The Washington Times reports that the Holy Father "has two schedules for his upcoming U.S. visit: A jampacked list of official events and an unofficial schedule of evening meetings" -- including a birthday party at the Italian Embassy featuring world-famous tenor Placido Domingo.
The splashy April 16 party — in celebration of the pope turning 81 — is sponsored by all eight former and current U.S. ambassadors to the Vatican. Several hundred people are invited.Say what? -- Not even a formal invitation?
The pope — who will meet that afternoon with U.S. Catholic bishops at the Shrine of the Immaculate Conception in Northeast, is not expected to make the party's 6:30 p.m. kickoff time.
In fact, he's not even been officially invited . . .
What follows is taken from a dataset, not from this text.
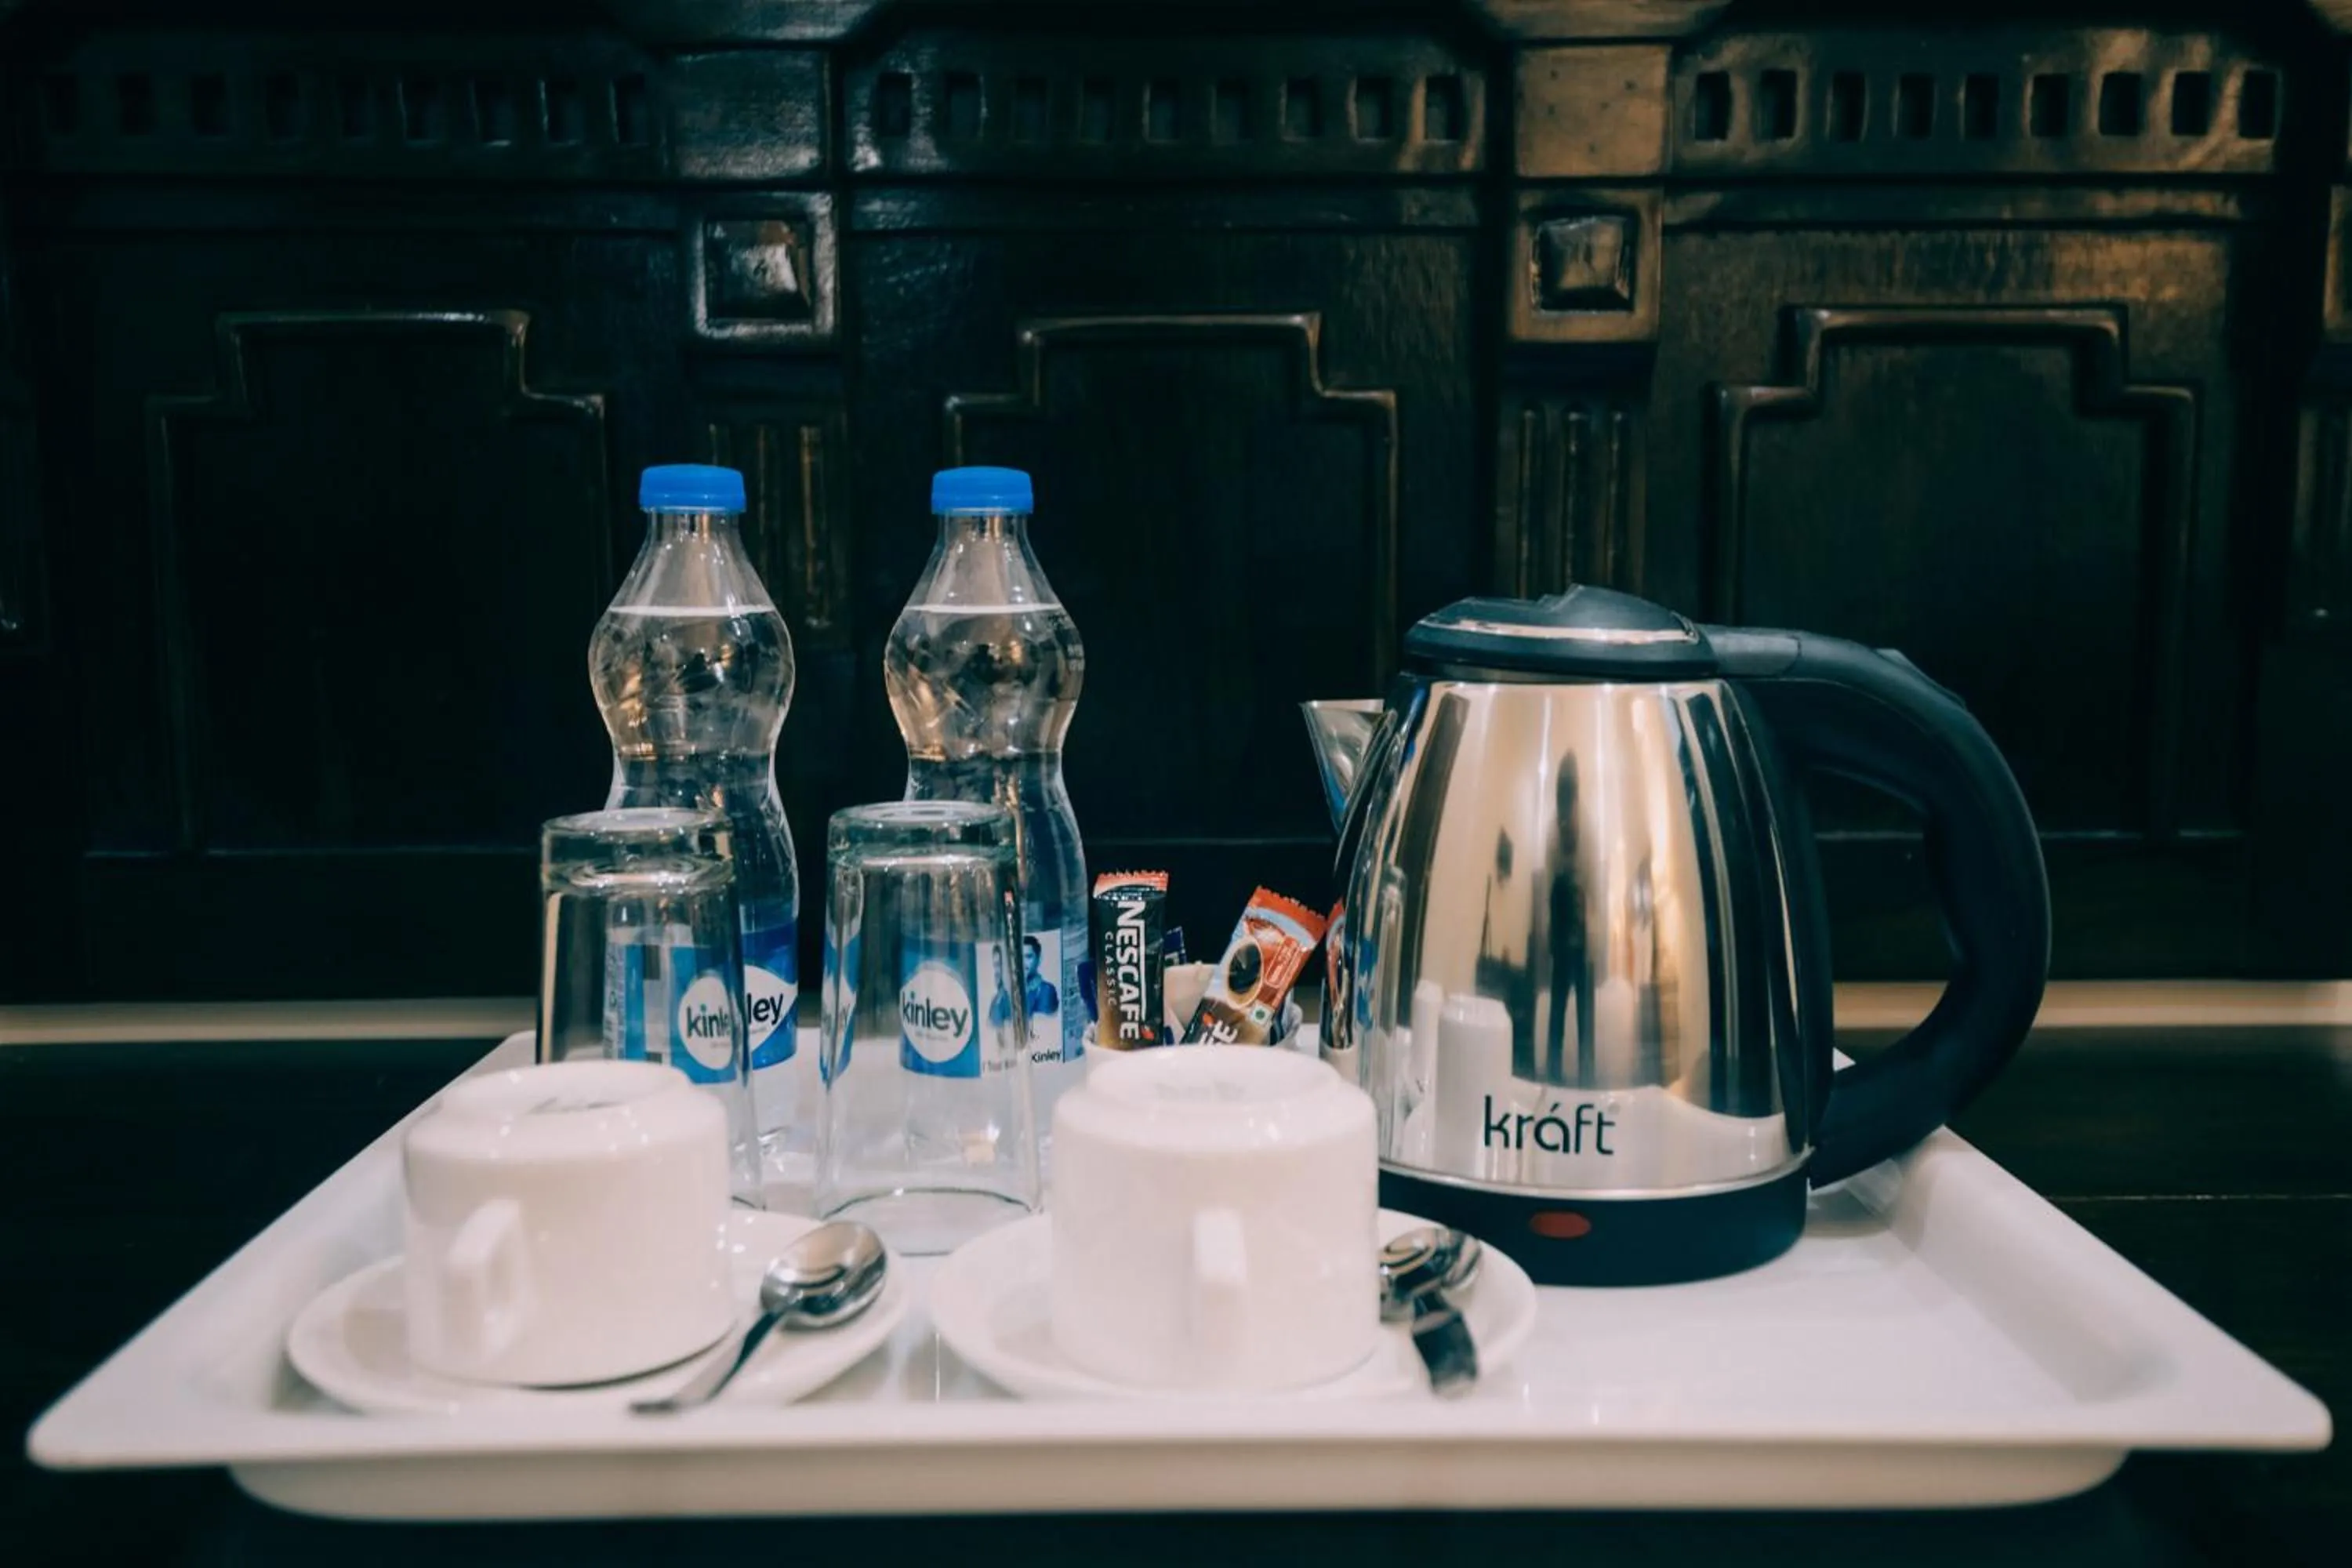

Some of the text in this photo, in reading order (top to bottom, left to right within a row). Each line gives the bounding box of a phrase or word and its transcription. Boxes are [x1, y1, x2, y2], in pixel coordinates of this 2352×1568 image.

[1105, 931, 1117, 1005] CLASSIC
[902, 990, 967, 1038] kinley
[1484, 1094, 1615, 1156] kráft
"It's really not in his tradition to attend parties," explained Mr. Melady, now senior diplomat in residence at the World Institute of Politics. "His happiest days were when he was a young priest and teaching at the seminary."According to the article a number of notable guests will be in attendance, including Vice President Dick Cheney, former ambassador to the Vatican Raymond Flynn, Austin Ruse (president of the Catholic Family and Human Rights Institute) and American Enterprise scholar Michael Novak.
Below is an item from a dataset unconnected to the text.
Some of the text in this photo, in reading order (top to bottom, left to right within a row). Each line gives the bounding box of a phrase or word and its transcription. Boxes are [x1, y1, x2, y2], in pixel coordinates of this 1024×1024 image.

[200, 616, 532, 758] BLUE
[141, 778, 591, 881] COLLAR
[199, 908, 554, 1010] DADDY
According to Flynn, there are several "off the record" meetings involving the Pope:
"There are private conversations and discussions with people here. I think they want to keep those meetings as private as they possibly can. They [the Vatican] will release an official schedule, but they'll leave a lot out." ... Robert George, a leading Catholic scholar at Princeton University, implied he'd be meeting privately with the pope in Washington but refused to divulge details.Given the Princeton scholar's role on the President's Council of Bioethics (a topic of concern for the Pope), one can only speculate.